By the time Pish returned his suggestion had transformed my quiet but longing belly into a churning knot of desperate hunger. I had noticed a bush made of lettuce and tried eating some, but the green matter was bitter and fibrous; I was in the process of spitting it out when I heard Pish's high-pitched giggle. "This salad is awful," I groaned, wiping my tongue with my fingers.

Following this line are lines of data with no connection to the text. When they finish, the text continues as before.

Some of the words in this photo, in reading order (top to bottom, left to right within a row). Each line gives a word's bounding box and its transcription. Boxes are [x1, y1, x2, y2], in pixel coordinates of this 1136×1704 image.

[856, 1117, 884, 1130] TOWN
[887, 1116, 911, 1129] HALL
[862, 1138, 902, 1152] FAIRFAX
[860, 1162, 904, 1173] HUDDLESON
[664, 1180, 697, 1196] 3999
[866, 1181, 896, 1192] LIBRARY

We sat in the tree house to eat our picnic. I confess that I was not able to restrain my appetites, though I did try at the beginning. I tore through three apples voraciously, juice running down my chin, and then took a triangle of hard cheese in two savage bites. There were brown ropes of bread, crunchy sprulets, and a butter biscuit for each of us. Pish let me have his.

"Thank you," I said. "Please excuse me," I added. "I was just so hungry."

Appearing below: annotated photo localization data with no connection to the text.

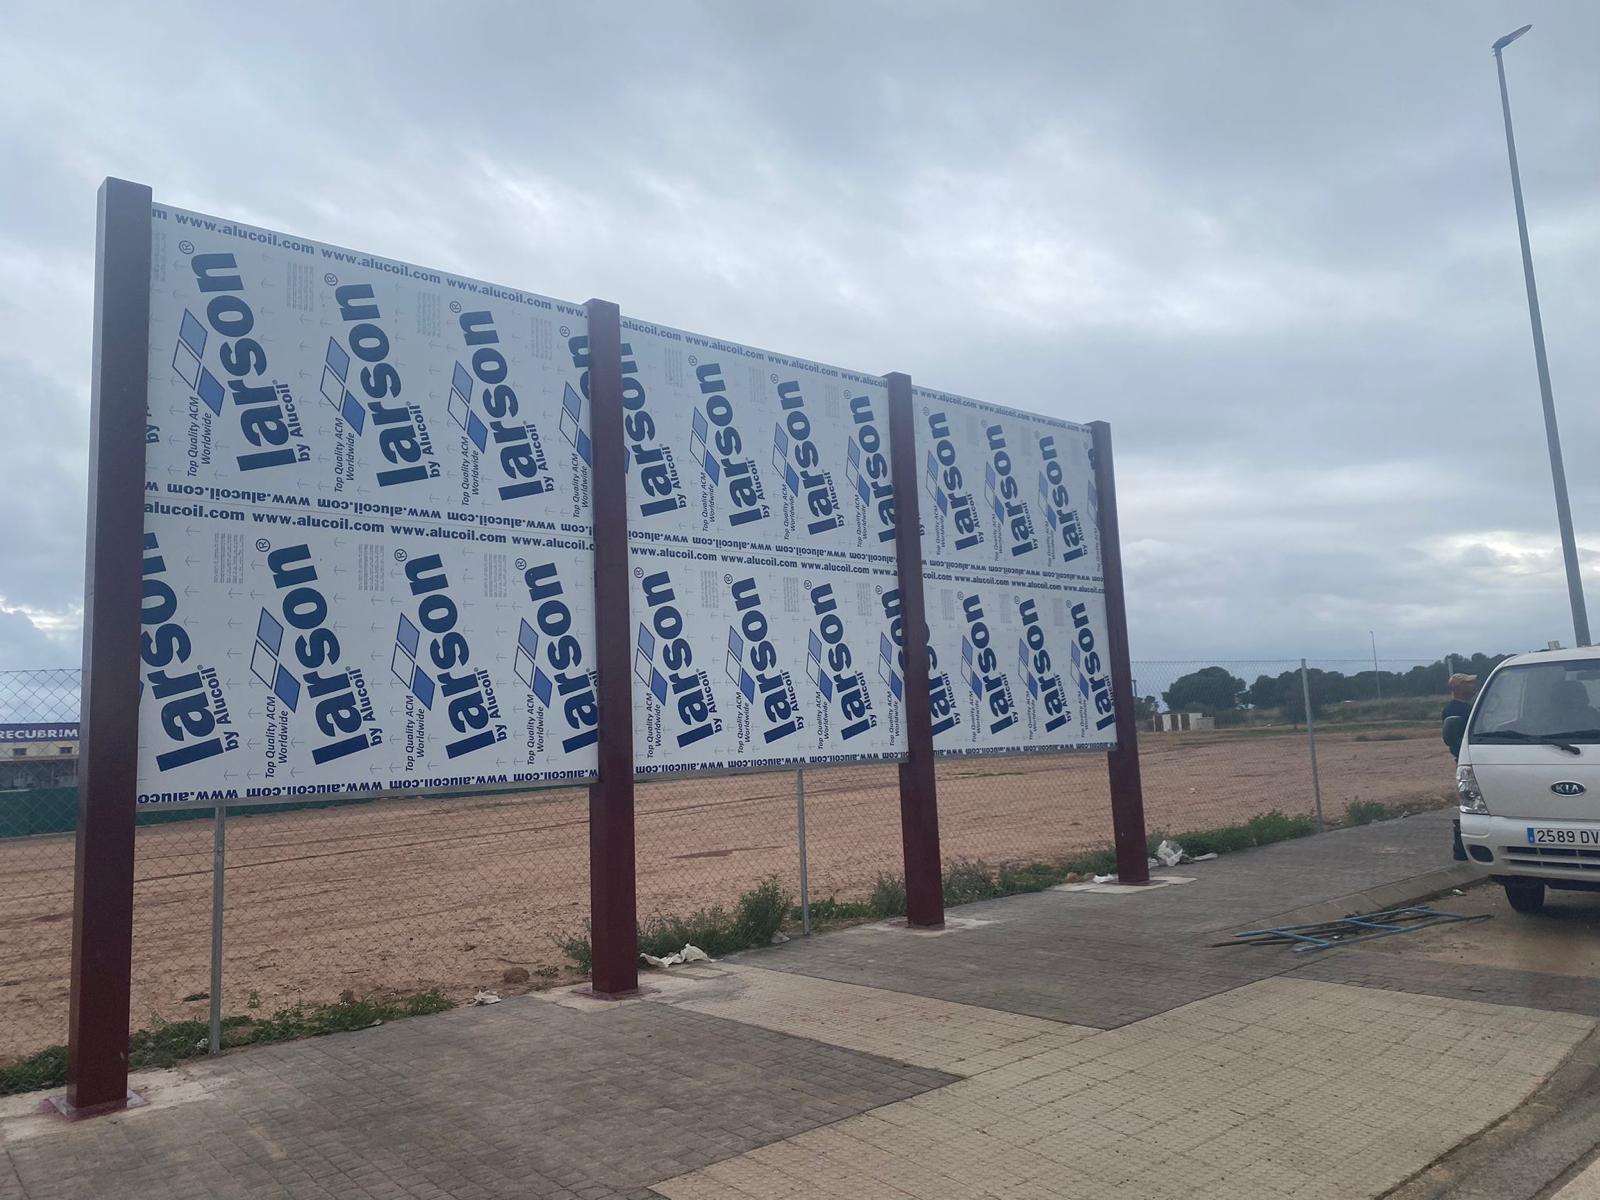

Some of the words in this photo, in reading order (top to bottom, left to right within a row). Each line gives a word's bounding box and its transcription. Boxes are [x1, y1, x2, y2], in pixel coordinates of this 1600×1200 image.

[175, 211, 315, 254] www.alucoil.com
[321, 246, 441, 285] www.alucoil.com
[447, 276, 552, 311] www.alucoil.com
[191, 252, 297, 471] larson
[620, 320, 681, 341] .alucoil.com
[686, 335, 764, 361] www.alucoil.com
[768, 354, 839, 378] www.alucoil.com
[841, 372, 888, 389] www.alucoil
[335, 284, 429, 487] larson
[189, 396, 199, 420] ACM
[276, 383, 303, 438] Alucoil
[459, 310, 544, 501] larson
[188, 422, 200, 457] Quality
[201, 412, 211, 464] Worldwide
[335, 417, 343, 440] ACM
[409, 405, 434, 455] Alucoil
[526, 423, 549, 471] Alucoil
[696, 362, 763, 526] larson
[187, 461, 199, 477] Top
[298, 443, 310, 462] by
[334, 441, 345, 474] Quality
[346, 432, 354, 481] Worldwide
[429, 461, 440, 478] by
[661, 446, 682, 489] Alucoil
[777, 380, 838, 535] larson
[334, 477, 344, 493] Top
[461, 459, 470, 490] Quality
[471, 450, 479, 495] Worldwide
[544, 476, 554, 492] by
[748, 459, 764, 500] Alucoil
[824, 471, 841, 510] Alucoil
[928, 412, 979, 551] larson
[986, 424, 1034, 557] larson
[167, 483, 310, 506] www.alucoil.com
[317, 498, 441, 519] www.alucoil.com
[447, 510, 556, 531] www.alucoil.com
[462, 491, 470, 506] Top
[678, 493, 687, 509] by
[762, 504, 770, 519] by
[1039, 436, 1084, 563] larson
[144, 502, 245, 522] alucoil.com
[252, 512, 385, 534] www.alucoil.com
[391, 524, 507, 545] www.alucoil.com
[512, 535, 596, 551] www.alucoil.c
[631, 546, 717, 562] www.alucoil.com
[721, 555, 798, 569] www.alucoil.com
[801, 561, 870, 575] www.alucoil.com
[692, 536, 772, 553] www.alucoil.com
[775, 545, 847, 558] www.alucoil.com
[267, 543, 370, 766] larson
[405, 553, 496, 760] larson
[642, 570, 715, 748] larson
[731, 577, 797, 744] larson
[810, 583, 871, 741] larson
[962, 594, 1014, 735] larson
[1019, 598, 1067, 733] larson
[1071, 602, 1115, 731] larson
[202, 667, 232, 725] Alucoil
[266, 696, 275, 720] ACM
[351, 668, 376, 722] Alucoil
[406, 695, 414, 717] ACM
[477, 669, 501, 719] Alucoil
[699, 671, 717, 713] Alucoil
[782, 671, 800, 712] Alucoil
[856, 671, 873, 710] Alucoil
[0, 729, 78, 739] RECUBRIM
[265, 722, 277, 758] Quality
[278, 710, 288, 763] Worldwide
[369, 727, 383, 748] by
[405, 719, 415, 753] Quality
[416, 708, 425, 758] Worldwide
[496, 724, 508, 742] by
[526, 717, 536, 748] Quality
[646, 713, 654, 743] Quality
[714, 718, 723, 733] by
[795, 715, 804, 730] by
[869, 713, 878, 728] by
[225, 730, 240, 753] by
[527, 750, 536, 765] Top
[647, 744, 655, 759] Top
[265, 761, 276, 778] Top
[405, 756, 415, 772] Top
[137, 789, 239, 804] www.aluco
[246, 781, 383, 798] www.alucoil.com
[389, 773, 508, 790] www.alucoil.com
[1555, 784, 1579, 793] KIA
[1537, 830, 1575, 843] 2589

"You eat like my dog," said Pish.

"What's a dog?" I asked. Pish giggled. I smiled sheepishly. "Can I ask you something, Pish?"

"Sure."

I narrowed my eyes. "You're a child, aren't you?"

He exploded into gales of laughter then, his face turning red as he rolled around on the floor of the tree house. I tried to warn him but he wasn't listening, so he rolled right into the mustard. We both started laughing when I saw the expression on his face. "You're hilarious," he wheezed. "Do you want to come fly my kite with me?"

I grinned while I asked it: "What's a kite?"

More laughter. I rolled my eyes and followed him out of the tree house. It turns out a kite is a kind of paper-and-sticks contraption which rises into the air upon the wind, teased out on the end of a string. Pish was very good at keeping it aloft, but I found it more of a challenge. "Good -- now run with it!" Pish would yell.

But I'm still not all that good at running, so my co-ordination would fail me and I'd fall spectacularly into the grass. We performed this routine many times before I handed control of the kite over to him for good. While he flew it I sat down on a nearby hillock, using my hand as a blind against the sun.

"How does it make you feel, Pish, to be at the beginning of your life?"

"Fine, I guess," he said carelessly, eyes on the kite.

"But you have so many options, and no experience to guide you. How do you choose what to do?"

He shrugged. "I just do what I do."

I considered this. "Have you ever thought about leaving this planet? Travelling beyond Samundra one day?"

Pish gave this question more thought, rolling his tongue around in his mouth as he gave the kite a tug and caused it to swoop in a tight circle. "Yeah, probably. But I'm kind of afraid to go through the gate."

"Yeah," I said quietly. "Me, too."

"Besides," he added as he reeled in the kite, "I've got everything I need right here."

Come evening he brought me supper and an armful of blankets. I snuggled into the tree house, but found it hard to be comfortable. Pish told me a long and meandering story about some kind of rodent he had followed to its nest the day before, and then started yawning and told me he'd best move along. I thanked him and he climbed down. I heard him call his cat, and I ran my fingers along the scabbing lines across the side of my neck with a wince.

Eventually I lay face down on the wooden house, in imitation of that peaceful, wonderful moment of reclining bliss on the first day of my life. I draped the blanket over my head, in imitation of my hospital-bed fort.

"Dear diary," I mumbled into the floor, "I have become the pet of an affable child."